TASK BRIEF: Everything in the listing below must be set down again exactly, apart from the pictures.

MATERIAL PROVIDED:
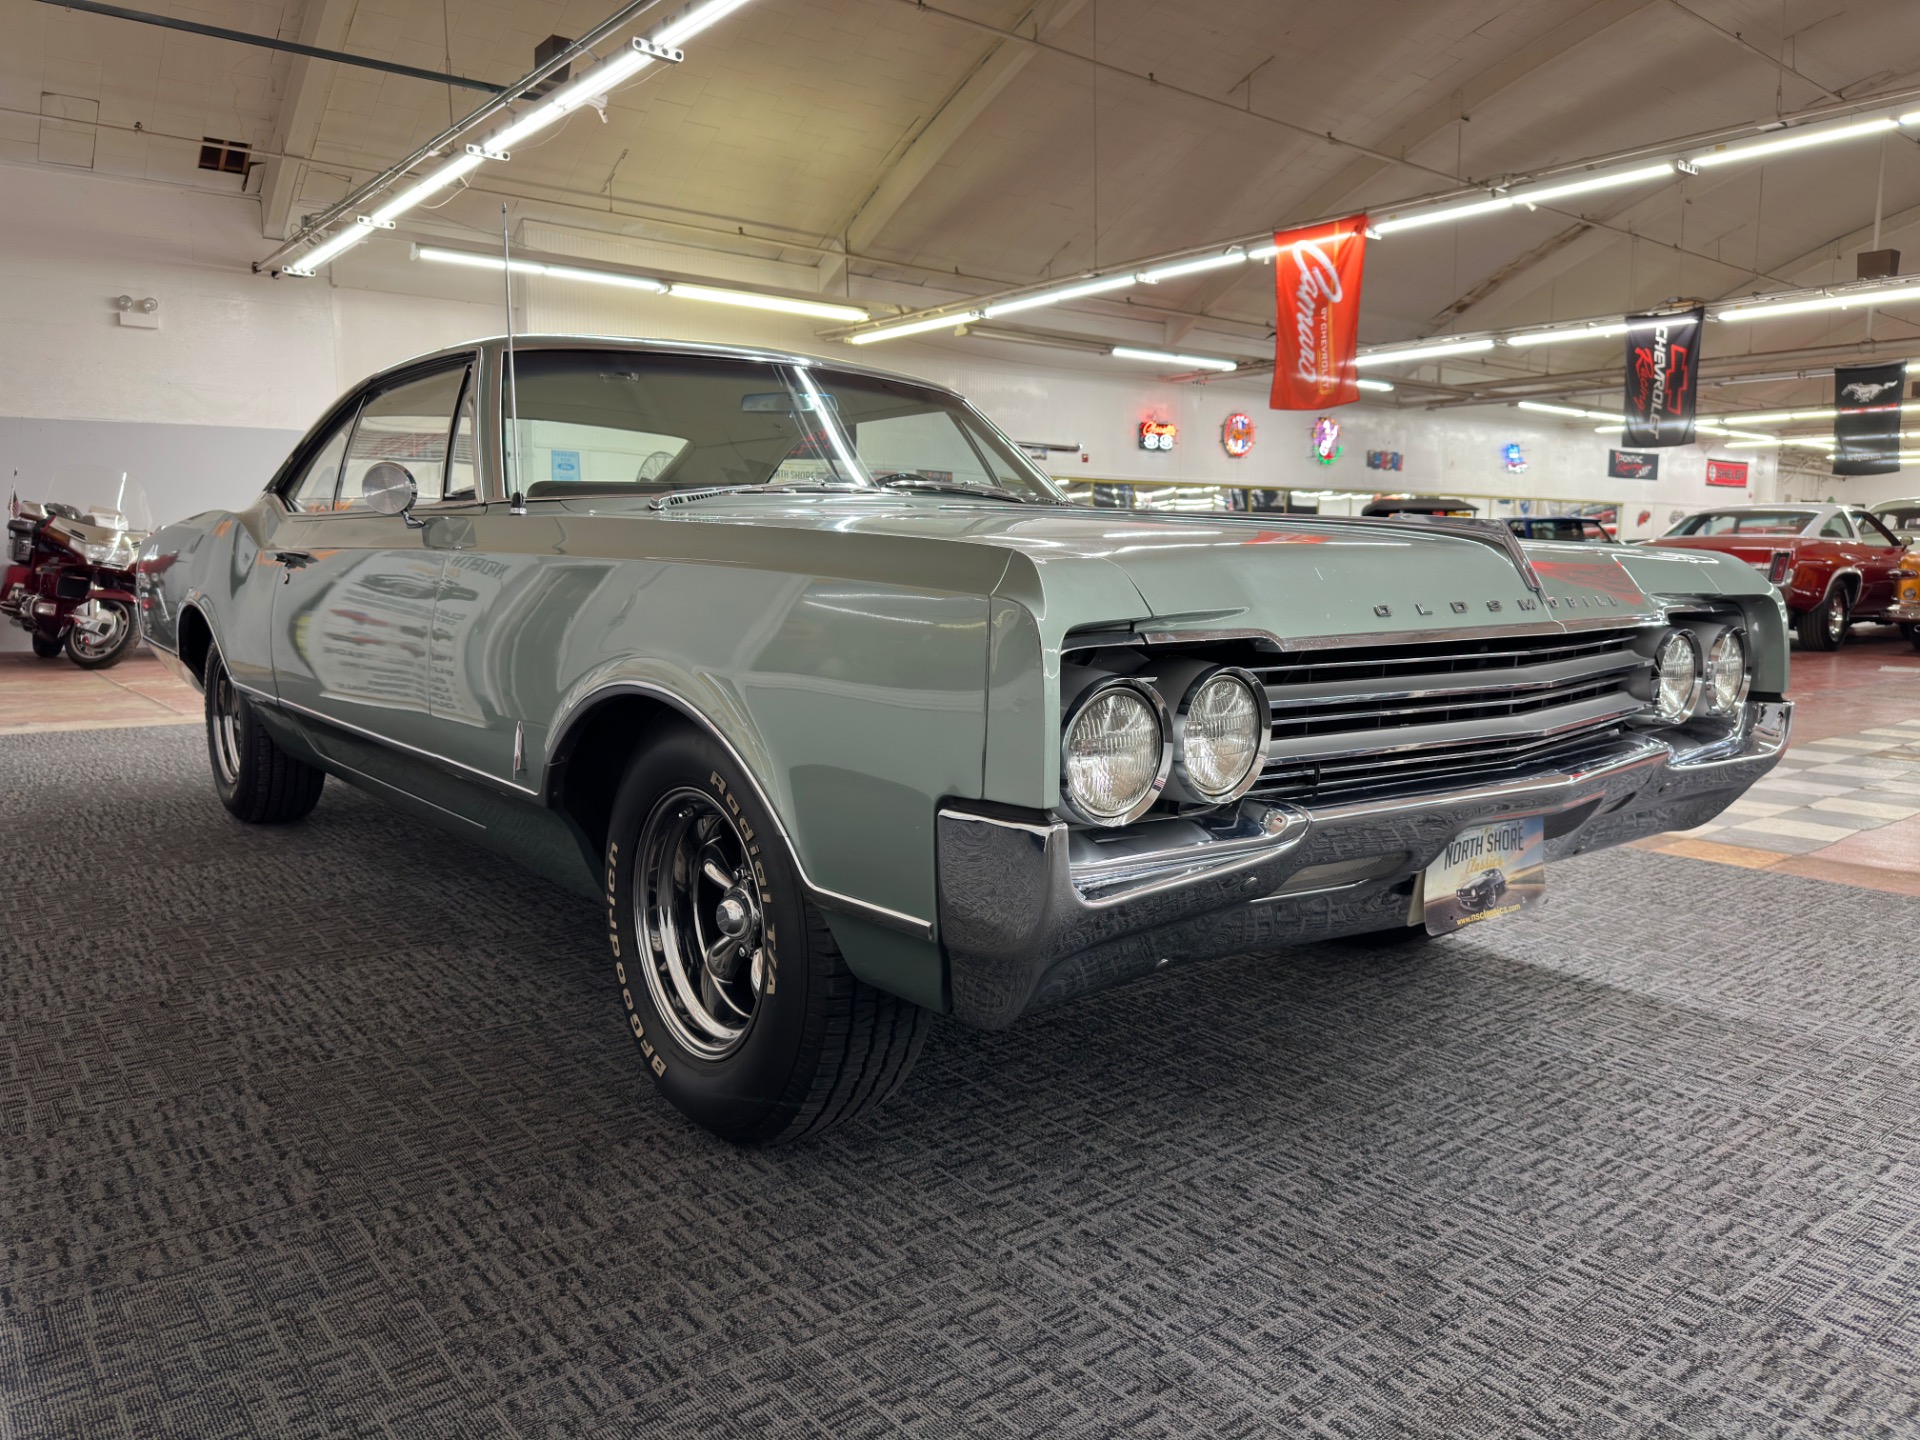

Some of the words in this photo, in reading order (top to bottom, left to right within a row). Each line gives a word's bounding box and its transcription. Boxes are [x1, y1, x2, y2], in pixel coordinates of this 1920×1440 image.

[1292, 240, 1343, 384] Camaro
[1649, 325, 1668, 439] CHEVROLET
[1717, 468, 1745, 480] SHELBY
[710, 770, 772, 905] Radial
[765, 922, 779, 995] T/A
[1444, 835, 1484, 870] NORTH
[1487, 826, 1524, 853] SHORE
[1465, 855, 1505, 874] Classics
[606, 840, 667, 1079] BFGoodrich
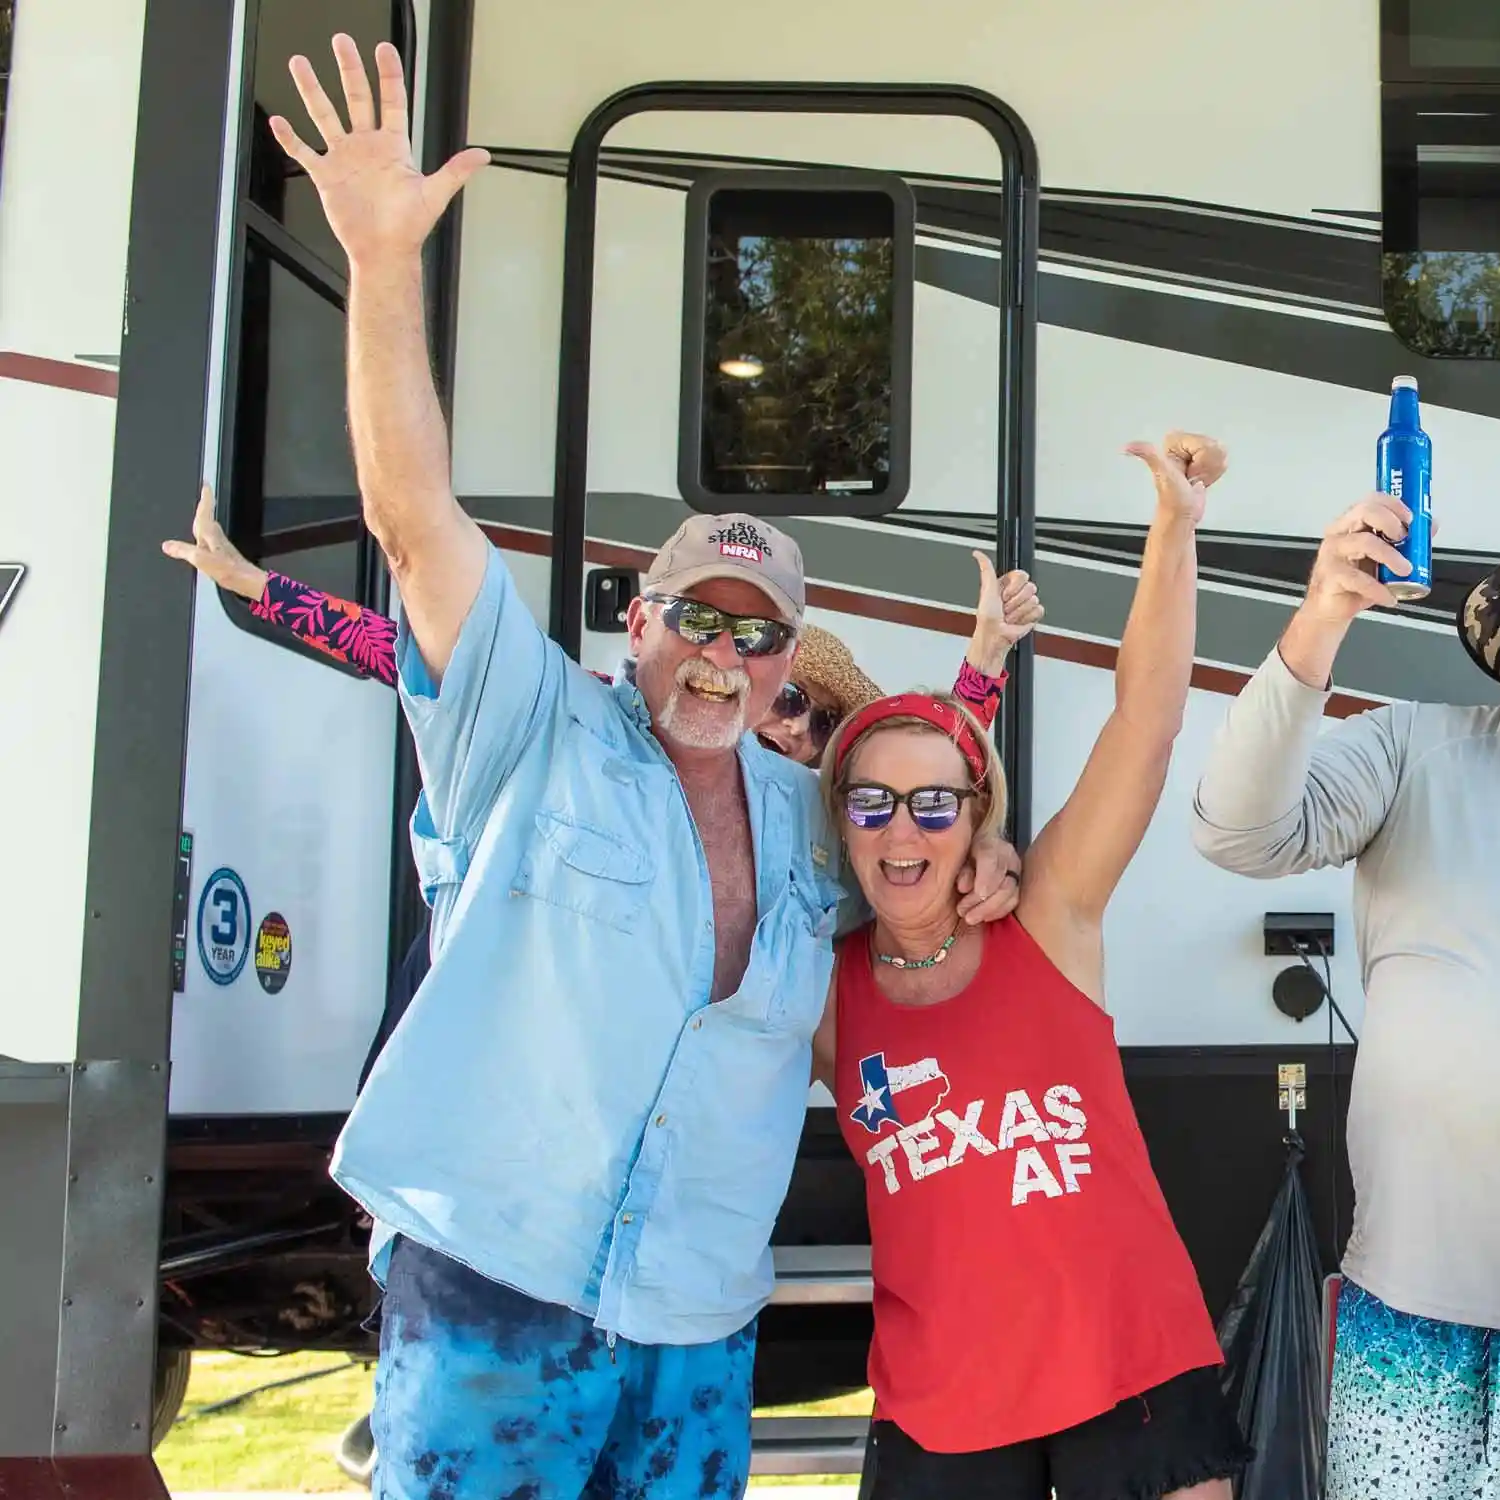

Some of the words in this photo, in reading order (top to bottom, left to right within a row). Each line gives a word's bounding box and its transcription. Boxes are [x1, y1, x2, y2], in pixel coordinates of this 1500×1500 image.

REPLY:
Some of the words in this photo, in reading order (top to bottom, left to right within a row). Each line gives a word's bounding box and its transcription. Boxes are [x1, y1, x2, y2], in pixel coordinates of this 1920×1440 image.

[1292, 240, 1343, 384] Camaro
[1649, 325, 1668, 439] CHEVROLET
[1717, 468, 1745, 480] SHELBY
[710, 770, 772, 905] Radial
[765, 922, 779, 995] T/A
[1444, 835, 1484, 870] NORTH
[1487, 826, 1524, 853] SHORE
[1465, 855, 1505, 874] Classics
[606, 840, 667, 1079] BFGoodrich

Some of the words in this photo, in reading order (top to bottom, left to right within a row). Each line gives a word's bounding box and its transcription. Boxes are [x1, y1, x2, y2], in pixel coordinates of this 1500×1500 image.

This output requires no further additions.